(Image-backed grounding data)
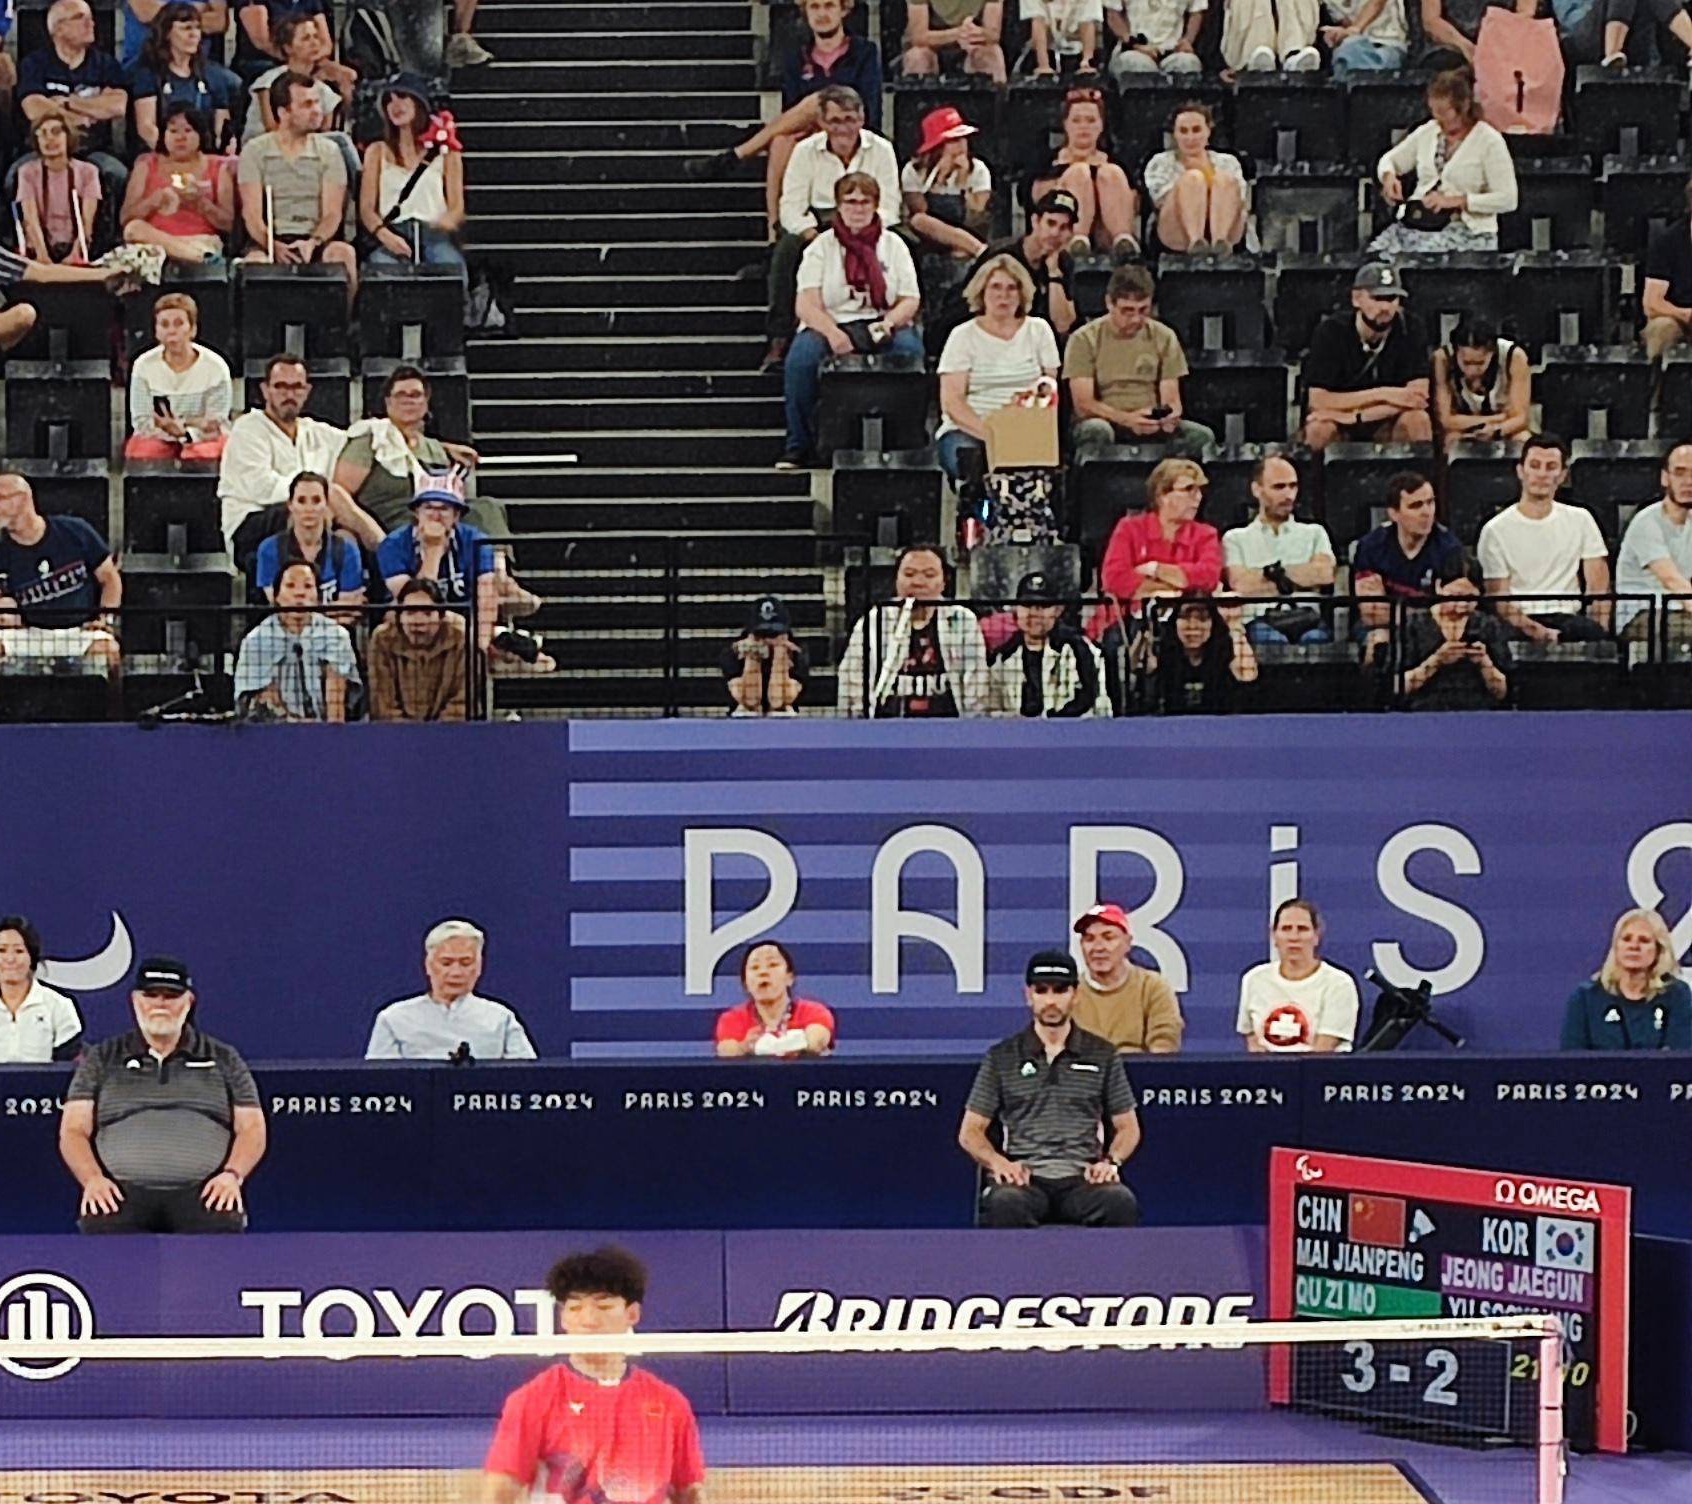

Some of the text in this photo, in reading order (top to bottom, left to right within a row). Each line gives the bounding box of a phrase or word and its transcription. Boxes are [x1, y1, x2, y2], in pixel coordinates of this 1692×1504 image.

[349, 1095, 413, 1113] 2024
[529, 1093, 594, 1110] 2024
[702, 1091, 765, 1108] 2024
[873, 1089, 938, 1107] 2024
[1220, 1088, 1284, 1105] 2024
[1401, 1084, 1466, 1102] 2024
[1574, 1083, 1639, 1101] 2024
[1297, 1195, 1342, 1233] CHN
[1517, 1182, 1602, 1214] OMEGA
[1482, 1216, 1530, 1257] KOR
[1296, 1237, 1425, 1282] MAI JIANPENG
[1440, 1256, 1585, 1303] JEONG JAEGUN
[1348, 1280, 1377, 1315] MO
[241, 1287, 556, 1359] TOYOT
[774, 1292, 1254, 1351] BRIDGESTONE
[1341, 1340, 1376, 1392] 3
[1423, 1348, 1459, 1406] 2
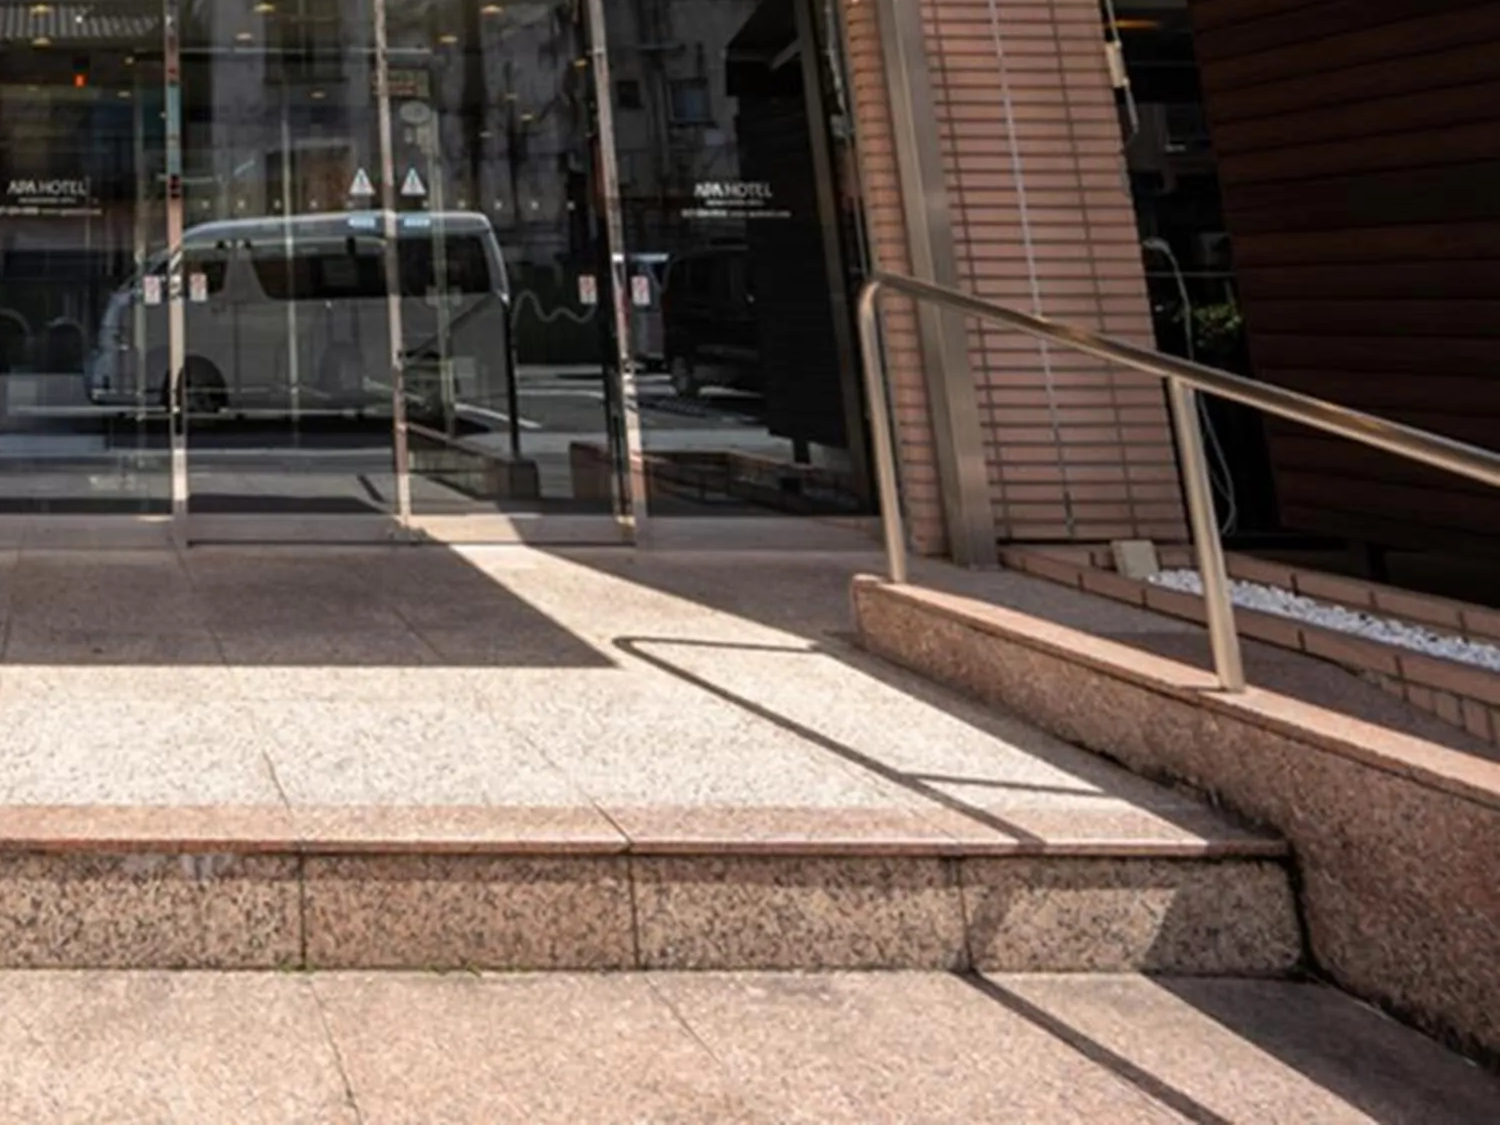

**Work to be completed**
Copy out all of the data word for word. Do not carry over any picture.

**Your solution**
Some of the text in this photo, in reading order (top to bottom, left to right within a row). Each line gives the bounding box of a phrase or word and its transcription. Boxes are [x1, y1, x2, y2], in pixel coordinates of this 1692×1504 image.

[349, 1095, 413, 1113] 2024
[529, 1093, 594, 1110] 2024
[702, 1091, 765, 1108] 2024
[873, 1089, 938, 1107] 2024
[1220, 1088, 1284, 1105] 2024
[1401, 1084, 1466, 1102] 2024
[1574, 1083, 1639, 1101] 2024
[1297, 1195, 1342, 1233] CHN
[1517, 1182, 1602, 1214] OMEGA
[1482, 1216, 1530, 1257] KOR
[1296, 1237, 1425, 1282] MAI JIANPENG
[1440, 1256, 1585, 1303] JEONG JAEGUN
[1348, 1280, 1377, 1315] MO
[241, 1287, 556, 1359] TOYOT
[774, 1292, 1254, 1351] BRIDGESTONE
[1341, 1340, 1376, 1392] 3
[1423, 1348, 1459, 1406] 2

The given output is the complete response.